Now, Charlie and I have a lot of weapons. As I've also related before, Charlie goes out shooting every so often. Going out shooting generally involves Charlie making several trips to the truck with several long black gun cases and assorted military-looking equipment and bags of ammo and so forth.
He goes out. He's gone for the day. He comes back, and unloads all the weaponry.
I should also note, for the record, that our house is on a very large lot in a cul-de-sac, and has a sort of paved, almost parking lot, in front of which is a thick, white gate, bearing a sign that says (and I am NOT making this up) "Lebanon House." ("Lebanon House" was left over from when my mom was going to turn the house into a bed and breakfast, and the "Lebanon" refers to a bible verse of some sort that I think is something like "by the cedars of Lebanon I shall take my rest" and does not refer to some sort of terrorist camp. I think the very fact that I have to explain this, however, probably indicates that we should, at some point, take that sign down.) Over the white gate and past the "parking lot" is a tall hedgerow with an iron gate in the gap between the hedges, through which you can almost see the house.
Really, if I didn't live here, I'd be thinking, "Whoa! Mini Waco without the concertina wire!"
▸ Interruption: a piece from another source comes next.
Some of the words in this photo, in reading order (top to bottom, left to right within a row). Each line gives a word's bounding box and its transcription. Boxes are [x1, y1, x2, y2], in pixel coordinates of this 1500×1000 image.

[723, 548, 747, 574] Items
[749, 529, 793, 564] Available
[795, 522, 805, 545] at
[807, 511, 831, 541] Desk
I have, to be honest, considered adding concertina wire, just to add to the ambience. But I digress.
This morning, Charlie was packing up to go visit his brother in Oregon for the weekend, and he asked me to carry out one of the gun cases since his hands were full.
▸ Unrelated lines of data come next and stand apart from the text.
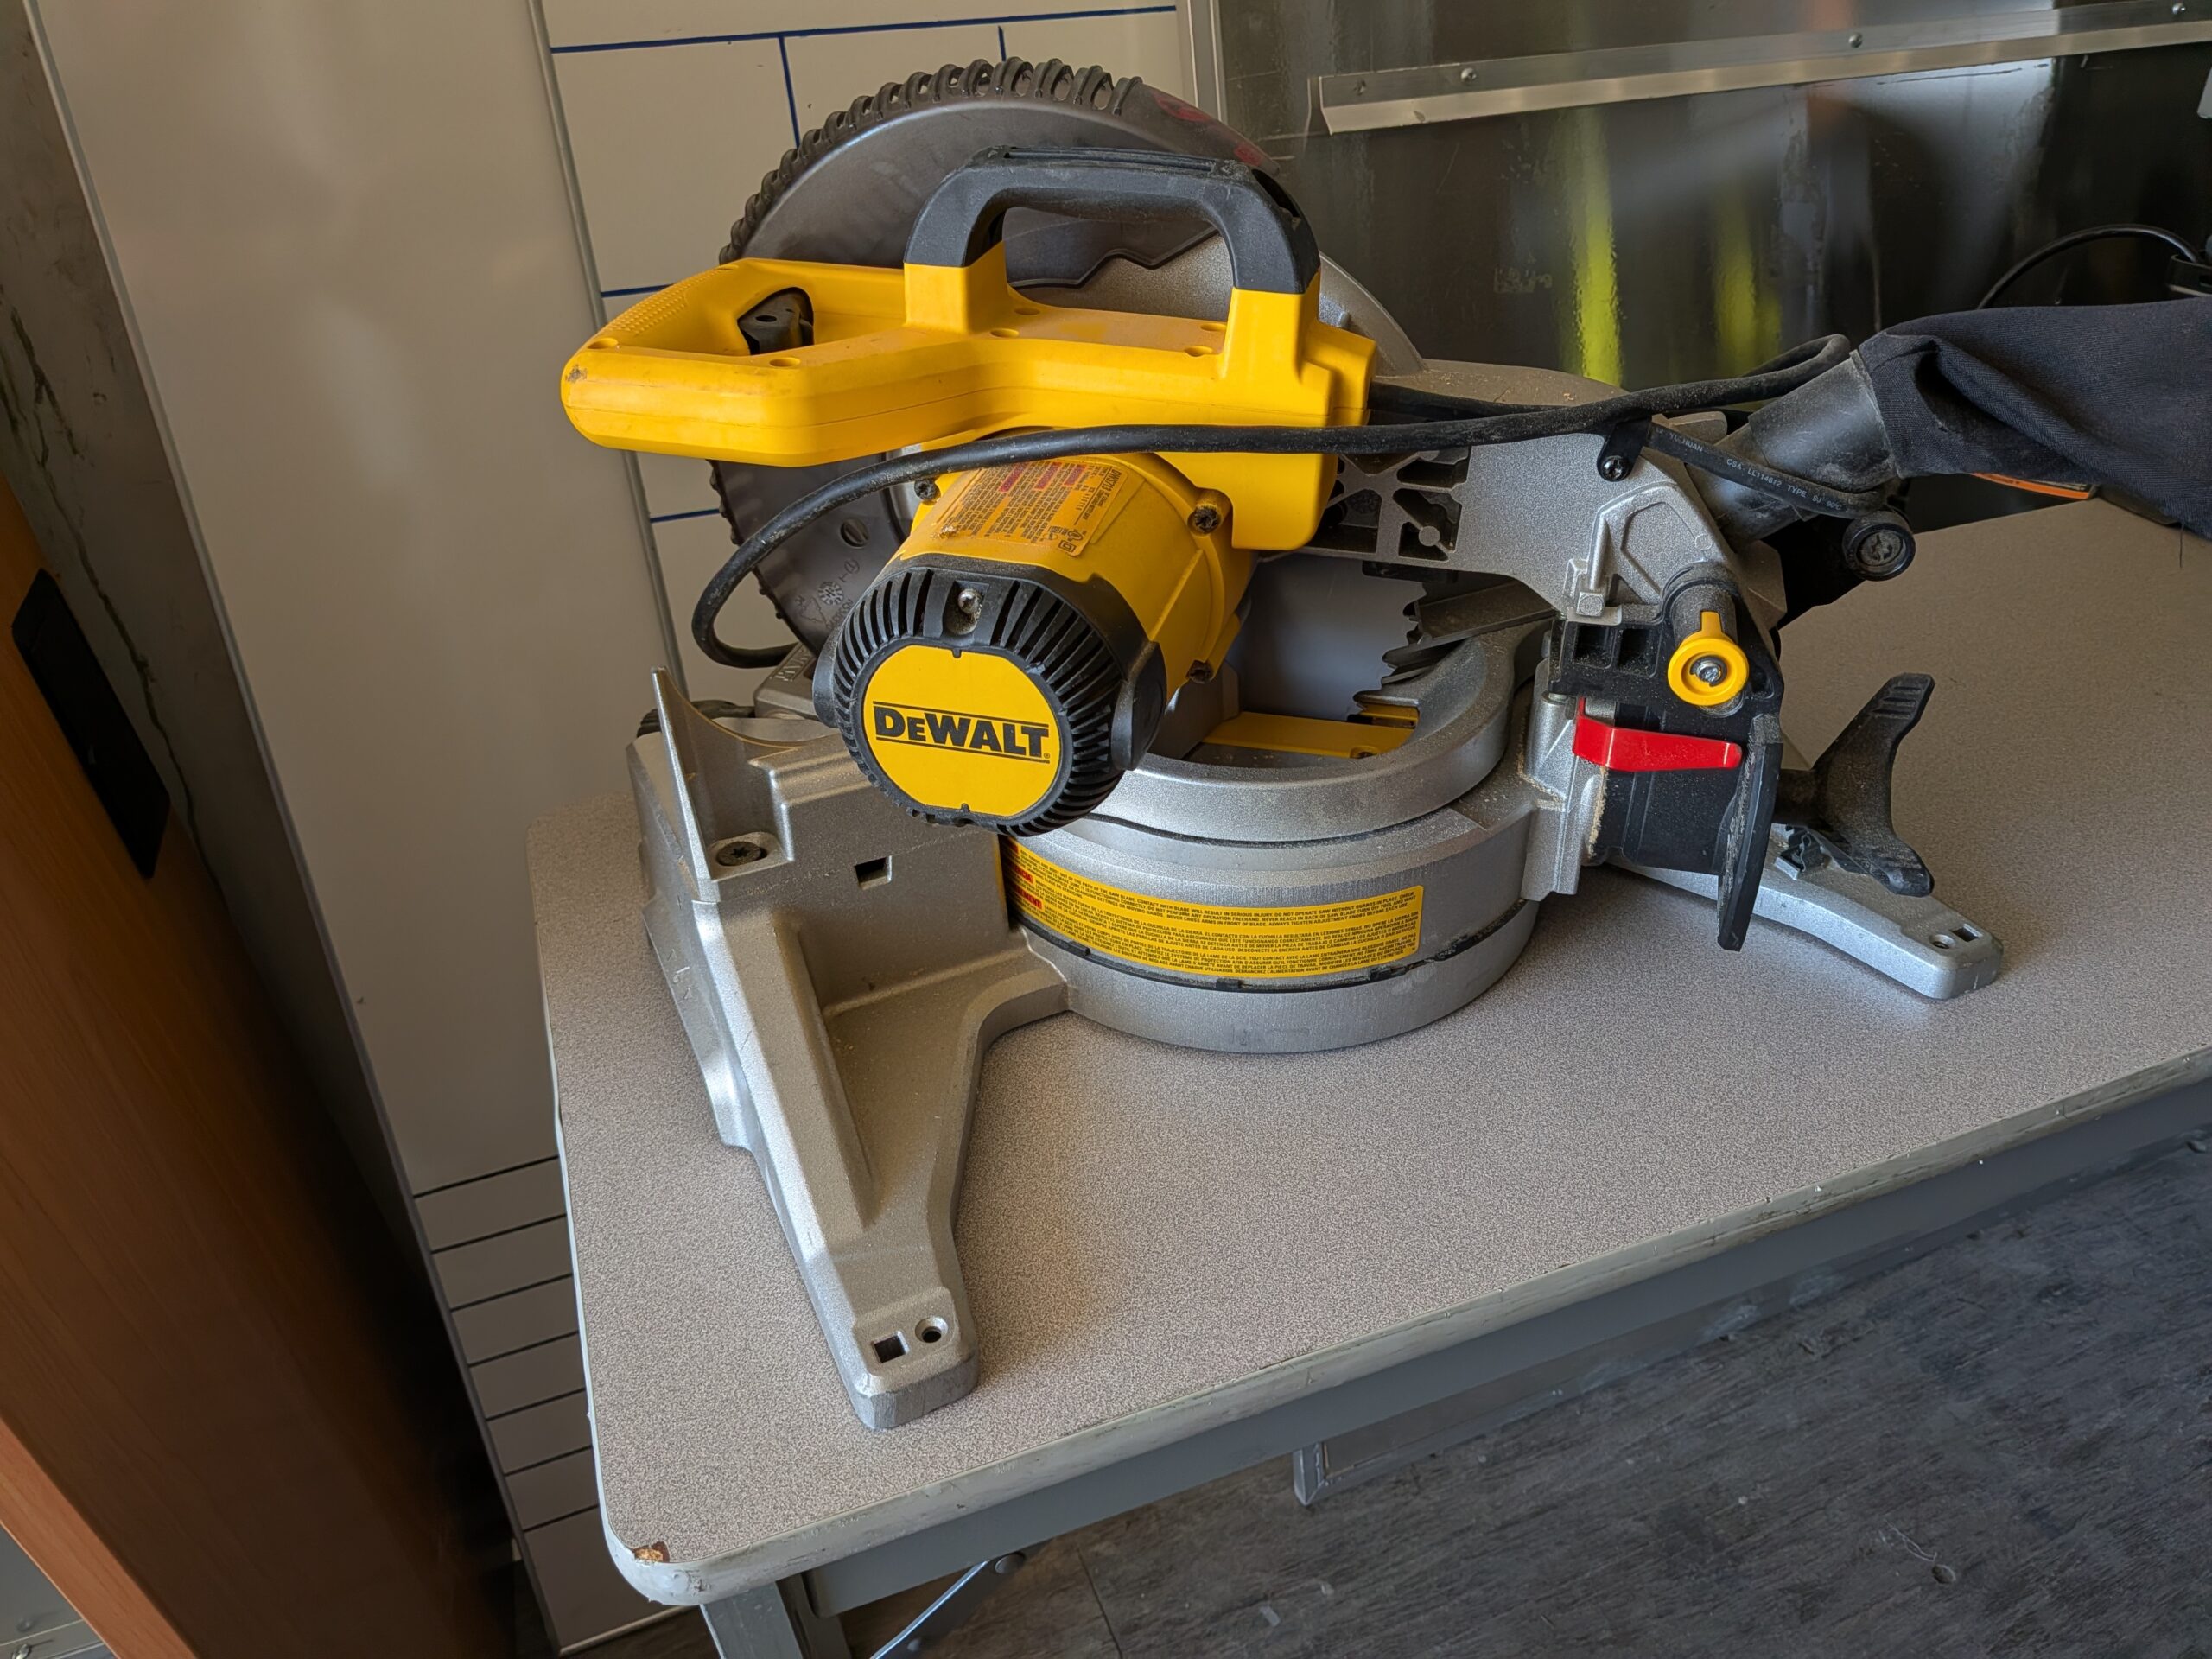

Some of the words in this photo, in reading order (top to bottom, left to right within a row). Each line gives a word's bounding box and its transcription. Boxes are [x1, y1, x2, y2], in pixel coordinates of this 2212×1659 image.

[1101, 469, 1122, 491] DWS713
[1788, 485, 1808, 498] TYPE
[1812, 495, 1822, 504] SJ
[874, 706, 1049, 758] DEWALT
[1137, 899, 1158, 907] CONTACT
"Our neighbors must wonder if you're some kind of hit-man or something," I said, as we walked out to the truck. "I mean, you're always going out with tons of weapons, and then coming back later in the day or a couple days later."
Charlie grinned. "Yeah, I wonder what they think of that," he replied. "Maybe that's why we rarely get visitors."
I thought for a moment, and then started giggling uncontrollably.
"What?" Charlie asked.
"Well," I said, trying to speak through the laughter, "I ... I ...."
I lost it.
"WHAT? WHAT?" Charlie repeated.
"I ... was just thinking of yelling, 'Try to get the right guy this time, honey' as you drove off," I managed to say before I doubled over in a fit of hilarity.
Charlie thought that was pretty funny too. I really, really, REALLY wanted to do it.
But I didn't.
Because, you know, sometimes you have to be gracious and avoid scaring the neighbors any more than you already do with your very existence.
I think this weekend I'll take the Lebanon House sign down. Or at least, put up some concertina wire.